▸ **What to do**: Give back the records in full, with every line exactly as it was.

▸ **Information shown**:
================
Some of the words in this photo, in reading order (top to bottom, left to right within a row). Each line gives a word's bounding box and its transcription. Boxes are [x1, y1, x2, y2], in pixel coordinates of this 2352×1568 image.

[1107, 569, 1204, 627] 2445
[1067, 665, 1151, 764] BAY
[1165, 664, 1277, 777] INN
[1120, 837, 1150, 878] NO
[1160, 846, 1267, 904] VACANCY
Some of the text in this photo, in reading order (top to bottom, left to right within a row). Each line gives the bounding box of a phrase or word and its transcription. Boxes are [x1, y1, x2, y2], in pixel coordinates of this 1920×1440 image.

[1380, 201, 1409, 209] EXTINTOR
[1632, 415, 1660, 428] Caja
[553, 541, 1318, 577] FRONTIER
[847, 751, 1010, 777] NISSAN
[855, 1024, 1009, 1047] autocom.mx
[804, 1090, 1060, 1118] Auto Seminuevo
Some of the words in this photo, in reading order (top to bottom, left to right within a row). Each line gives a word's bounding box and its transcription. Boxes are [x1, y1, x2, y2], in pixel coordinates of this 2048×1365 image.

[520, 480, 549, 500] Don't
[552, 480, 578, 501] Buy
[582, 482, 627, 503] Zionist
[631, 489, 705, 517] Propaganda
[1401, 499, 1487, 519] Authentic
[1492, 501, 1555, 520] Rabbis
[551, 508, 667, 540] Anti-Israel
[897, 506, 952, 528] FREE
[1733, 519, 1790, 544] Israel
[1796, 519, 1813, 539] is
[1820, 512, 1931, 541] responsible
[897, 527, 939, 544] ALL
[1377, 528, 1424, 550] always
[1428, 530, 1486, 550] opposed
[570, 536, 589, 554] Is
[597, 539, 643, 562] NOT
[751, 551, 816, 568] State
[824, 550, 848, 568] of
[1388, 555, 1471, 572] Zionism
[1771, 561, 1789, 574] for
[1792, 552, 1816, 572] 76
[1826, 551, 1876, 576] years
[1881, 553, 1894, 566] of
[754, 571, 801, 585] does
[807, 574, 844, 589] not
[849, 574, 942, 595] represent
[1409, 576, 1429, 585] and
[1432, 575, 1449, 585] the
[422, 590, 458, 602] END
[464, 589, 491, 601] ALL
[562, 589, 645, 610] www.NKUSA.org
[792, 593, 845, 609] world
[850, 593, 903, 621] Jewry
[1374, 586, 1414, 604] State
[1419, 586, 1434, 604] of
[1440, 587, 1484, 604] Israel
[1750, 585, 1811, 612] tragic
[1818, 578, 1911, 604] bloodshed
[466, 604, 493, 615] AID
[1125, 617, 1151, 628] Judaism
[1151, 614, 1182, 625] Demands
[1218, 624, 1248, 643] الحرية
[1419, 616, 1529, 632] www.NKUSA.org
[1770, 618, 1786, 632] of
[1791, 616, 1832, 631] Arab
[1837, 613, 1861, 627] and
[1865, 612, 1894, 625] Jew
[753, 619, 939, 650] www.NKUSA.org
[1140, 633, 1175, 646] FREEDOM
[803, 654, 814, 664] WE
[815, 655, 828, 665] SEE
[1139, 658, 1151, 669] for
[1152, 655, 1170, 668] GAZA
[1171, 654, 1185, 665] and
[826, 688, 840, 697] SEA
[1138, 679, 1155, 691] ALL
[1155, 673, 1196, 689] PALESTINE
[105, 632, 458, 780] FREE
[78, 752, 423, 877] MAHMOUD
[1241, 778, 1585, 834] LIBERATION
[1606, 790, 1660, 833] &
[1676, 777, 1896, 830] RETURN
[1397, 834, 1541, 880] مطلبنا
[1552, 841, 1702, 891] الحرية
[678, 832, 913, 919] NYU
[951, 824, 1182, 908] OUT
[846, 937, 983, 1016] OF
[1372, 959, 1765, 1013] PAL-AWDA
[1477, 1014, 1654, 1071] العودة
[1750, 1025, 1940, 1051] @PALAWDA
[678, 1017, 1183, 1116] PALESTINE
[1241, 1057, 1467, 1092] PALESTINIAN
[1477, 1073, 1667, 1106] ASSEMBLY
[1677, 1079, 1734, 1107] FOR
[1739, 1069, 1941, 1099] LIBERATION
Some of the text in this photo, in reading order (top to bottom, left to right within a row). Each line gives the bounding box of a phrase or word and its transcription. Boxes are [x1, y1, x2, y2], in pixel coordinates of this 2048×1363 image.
================
▸ **Expected answer**:
Some of the words in this photo, in reading order (top to bottom, left to right within a row). Each line gives a word's bounding box and its transcription. Boxes are [x1, y1, x2, y2], in pixel coordinates of this 2352×1568 image.

[1107, 569, 1204, 627] 2445
[1067, 665, 1151, 764] BAY
[1165, 664, 1277, 777] INN
[1120, 837, 1150, 878] NO
[1160, 846, 1267, 904] VACANCY
Some of the text in this photo, in reading order (top to bottom, left to right within a row). Each line gives the bounding box of a phrase or word and its transcription. Boxes are [x1, y1, x2, y2], in pixel coordinates of this 1920×1440 image.

[1380, 201, 1409, 209] EXTINTOR
[1632, 415, 1660, 428] Caja
[553, 541, 1318, 577] FRONTIER
[847, 751, 1010, 777] NISSAN
[855, 1024, 1009, 1047] autocom.mx
[804, 1090, 1060, 1118] Auto Seminuevo
Some of the words in this photo, in reading order (top to bottom, left to right within a row). Each line gives a word's bounding box and its transcription. Boxes are [x1, y1, x2, y2], in pixel coordinates of this 2048×1365 image.

[520, 480, 549, 500] Don't
[552, 480, 578, 501] Buy
[582, 482, 627, 503] Zionist
[631, 489, 705, 517] Propaganda
[1401, 499, 1487, 519] Authentic
[1492, 501, 1555, 520] Rabbis
[551, 508, 667, 540] Anti-Israel
[897, 506, 952, 528] FREE
[1733, 519, 1790, 544] Israel
[1796, 519, 1813, 539] is
[1820, 512, 1931, 541] responsible
[897, 527, 939, 544] ALL
[1377, 528, 1424, 550] always
[1428, 530, 1486, 550] opposed
[570, 536, 589, 554] Is
[597, 539, 643, 562] NOT
[751, 551, 816, 568] State
[824, 550, 848, 568] of
[1388, 555, 1471, 572] Zionism
[1771, 561, 1789, 574] for
[1792, 552, 1816, 572] 76
[1826, 551, 1876, 576] years
[1881, 553, 1894, 566] of
[754, 571, 801, 585] does
[807, 574, 844, 589] not
[849, 574, 942, 595] represent
[1409, 576, 1429, 585] and
[1432, 575, 1449, 585] the
[422, 590, 458, 602] END
[464, 589, 491, 601] ALL
[562, 589, 645, 610] www.NKUSA.org
[792, 593, 845, 609] world
[850, 593, 903, 621] Jewry
[1374, 586, 1414, 604] State
[1419, 586, 1434, 604] of
[1440, 587, 1484, 604] Israel
[1750, 585, 1811, 612] tragic
[1818, 578, 1911, 604] bloodshed
[466, 604, 493, 615] AID
[1125, 617, 1151, 628] Judaism
[1151, 614, 1182, 625] Demands
[1218, 624, 1248, 643] الحرية
[1419, 616, 1529, 632] www.NKUSA.org
[1770, 618, 1786, 632] of
[1791, 616, 1832, 631] Arab
[1837, 613, 1861, 627] and
[1865, 612, 1894, 625] Jew
[753, 619, 939, 650] www.NKUSA.org
[1140, 633, 1175, 646] FREEDOM
[803, 654, 814, 664] WE
[815, 655, 828, 665] SEE
[1139, 658, 1151, 669] for
[1152, 655, 1170, 668] GAZA
[1171, 654, 1185, 665] and
[826, 688, 840, 697] SEA
[1138, 679, 1155, 691] ALL
[1155, 673, 1196, 689] PALESTINE
[105, 632, 458, 780] FREE
[78, 752, 423, 877] MAHMOUD
[1241, 778, 1585, 834] LIBERATION
[1606, 790, 1660, 833] &
[1676, 777, 1896, 830] RETURN
[1397, 834, 1541, 880] مطلبنا
[1552, 841, 1702, 891] الحرية
[678, 832, 913, 919] NYU
[951, 824, 1182, 908] OUT
[846, 937, 983, 1016] OF
[1372, 959, 1765, 1013] PAL-AWDA
[1477, 1014, 1654, 1071] العودة
[1750, 1025, 1940, 1051] @PALAWDA
[678, 1017, 1183, 1116] PALESTINE
[1241, 1057, 1467, 1092] PALESTINIAN
[1477, 1073, 1667, 1106] ASSEMBLY
[1677, 1079, 1734, 1107] FOR
[1739, 1069, 1941, 1099] LIBERATION
Some of the text in this photo, in reading order (top to bottom, left to right within a row). Each line gives the bounding box of a phrase or word and its transcription. Boxes are [x1, y1, x2, y2], in pixel coordinates of this 2048×1363 image.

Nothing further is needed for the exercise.